Importância da vacinação regular para os pacientes reumáticos e a perspectiva de imunização contra o coronavírus
Para Ana Lúcia Paduello, do GrupAR, os dados do estudo apresentado pelo médico, que mostram que pacientes vacinados contra a Influenza tiveram melhores resultados em relação a Covid-19, reforçam a importância do trabalho feito pelas associações de pacientes ao incentivar a importância de todos manterem sua carteira de vacinação atualizada. “A vacina é importantíssima para nós, pacientes reumáticos. Acompanhar o calendário e manter a carteira de vacina sempre atualizada é um ganho para todos nós”, reforçou.
Já Eduardo Tenório, do Superando Lúpus, concordou com a colega e acrescentou que todos e não apenas os pacientes reumáticos precisam estar atentos à vacinação regular. “Seja no grupo de pacientes reumáticos como na população como um todo, a taxa de vacinação está muito baixa. Temos municípios com 1 a 10% de vacinação quando é previsto 90 a 95% dependendo da vacina. O governo tem feito várias ações e campanhas em estações de metrôs e trens, mas também as unidades básicas de saúde estão próximas, tentando nesse momento ajudar”, reforçou Tenório que é síndico de um condomínio onde vivem mais de 1000 pessoas onde foi feita uma parceria com a unidade básica de saúde mais próxima para vacinar os moradores e levar informações de campanhas como Outubro Rosa e Novembro Azul ao local.
Aproveitando o gancho, a coordenadora da Comissão de Doenças Endêmicas e Infecciosas da SBR, Dra.
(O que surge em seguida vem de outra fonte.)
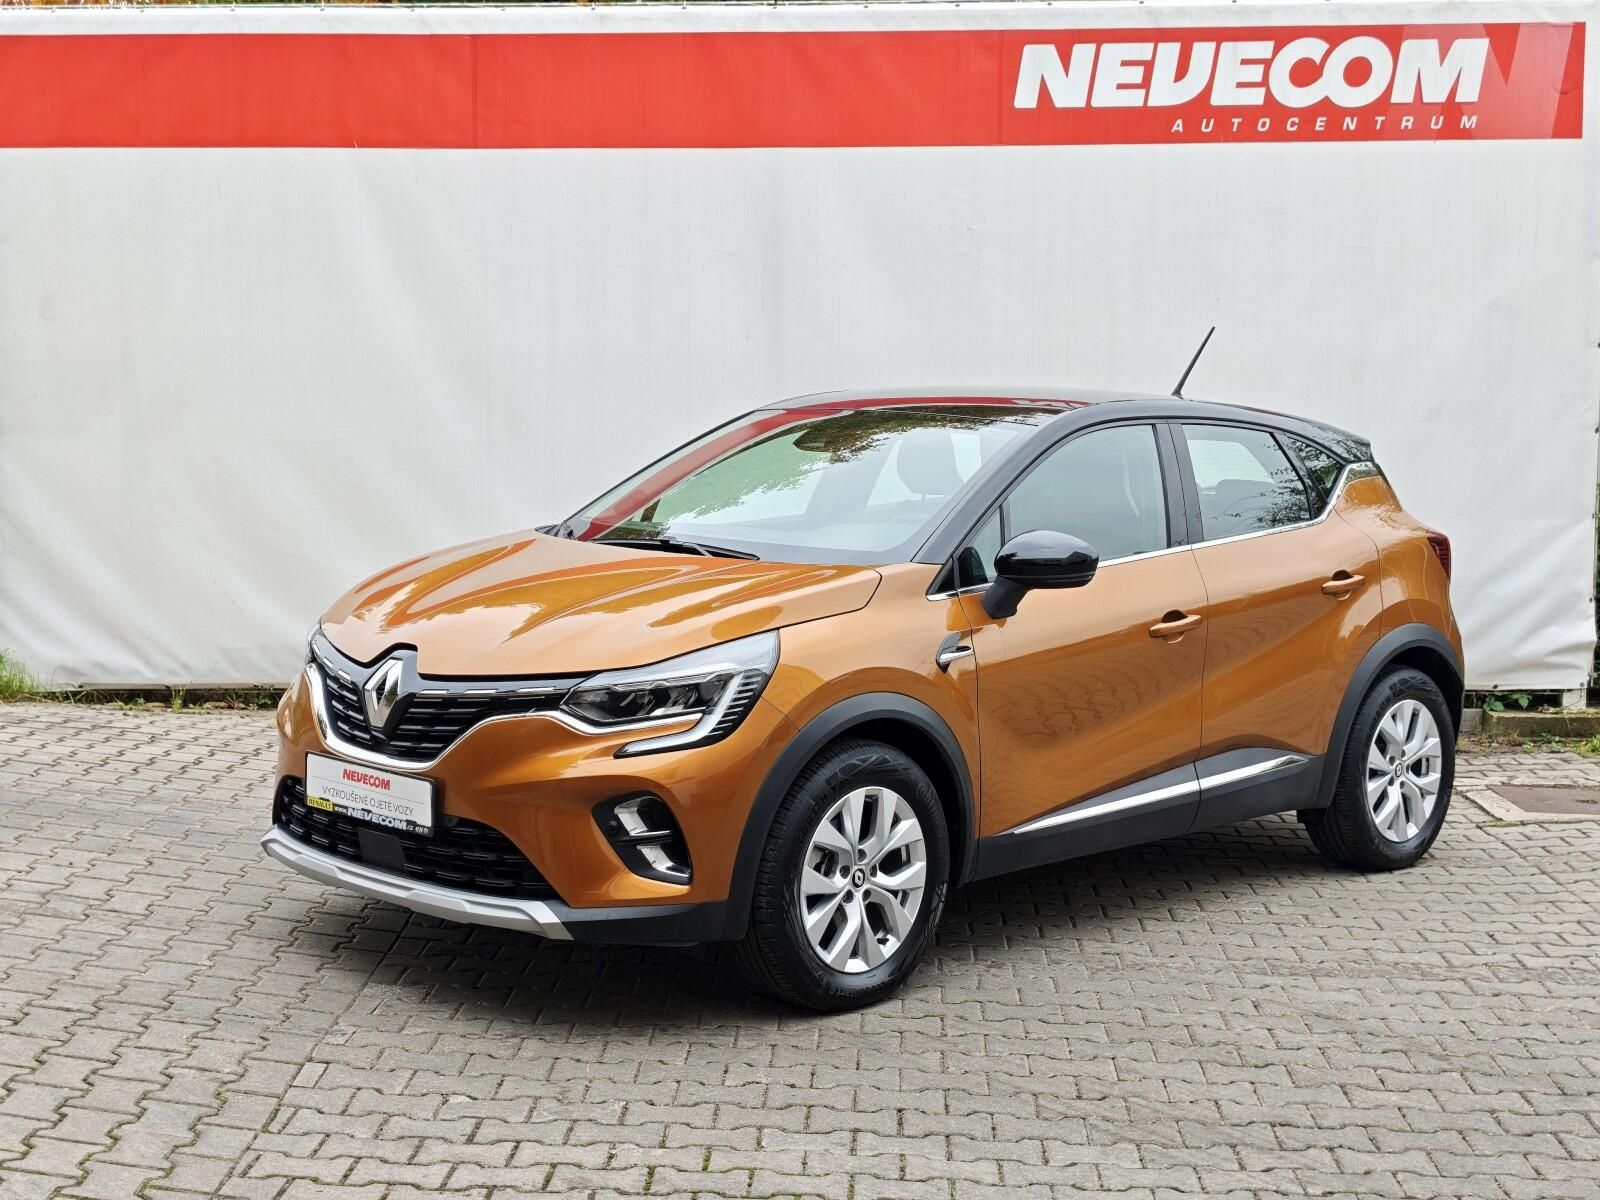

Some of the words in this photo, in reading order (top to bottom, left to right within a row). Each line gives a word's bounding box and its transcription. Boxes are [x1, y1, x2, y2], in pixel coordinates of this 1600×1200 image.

[1013, 35, 1490, 109] NEVECOM
[1170, 114, 1480, 133] AUTOCENTRUM
[342, 768, 391, 791] NEVECOM
[308, 797, 332, 811] RENAULT
[322, 785, 369, 806] VYZKOUŠENÉ
[369, 797, 393, 812] OJETÉ
[392, 803, 415, 817] VOZY
Gecilmara falou um pouco a respeito da expectativa de imunização contra o coronavírus para os pacientes reumáticos. Ressaltando que, neste primeiro momento, as vacinas em estudo e produção no Brasil e no mundo, não serão indicadas a este grupo de pessoas, já que nenhum desses estudos incluiu pessoas com doenças reumáticas para avaliar os efeitos nestes pacientes.
“São todas vacinas novas e normalmente qualquer estudo de medicamento novo ou vacina nova é primeiramente voltado para o público adulto, saudável. Neste caso da da Covid-19, o próximo passo que já está acontecendo em várias vacinas é estudar a população de risco para o vírus”, contou a médica.
A reumatologista ainda reforçou que os estudos para vacinação devem levar em conta que no caso dos pacientes reumáticos há graus diferentes de imunossupressão devido aos medicamentos utilizados, além do tipo da doença de base. Doenças mais sistêmicas como lúpus, esclerose múltipla são mais preocupantes em relação ao risco para a Covid-19. Para ela, ainda não existe uma total compreensão de tudo que o coronavírus pode causar e, por isso, estudos para vacinas na parte da população que já tem o sistema imune mais debilitado devem ser deixadas por último.
E para finalizar a transmissão, o Dr. Marcelo Pinheiro respondeu diversas perguntas enviadas pelos pacientes sobre retorno ao trabalho, atividades físicas e comparecimento às consultas.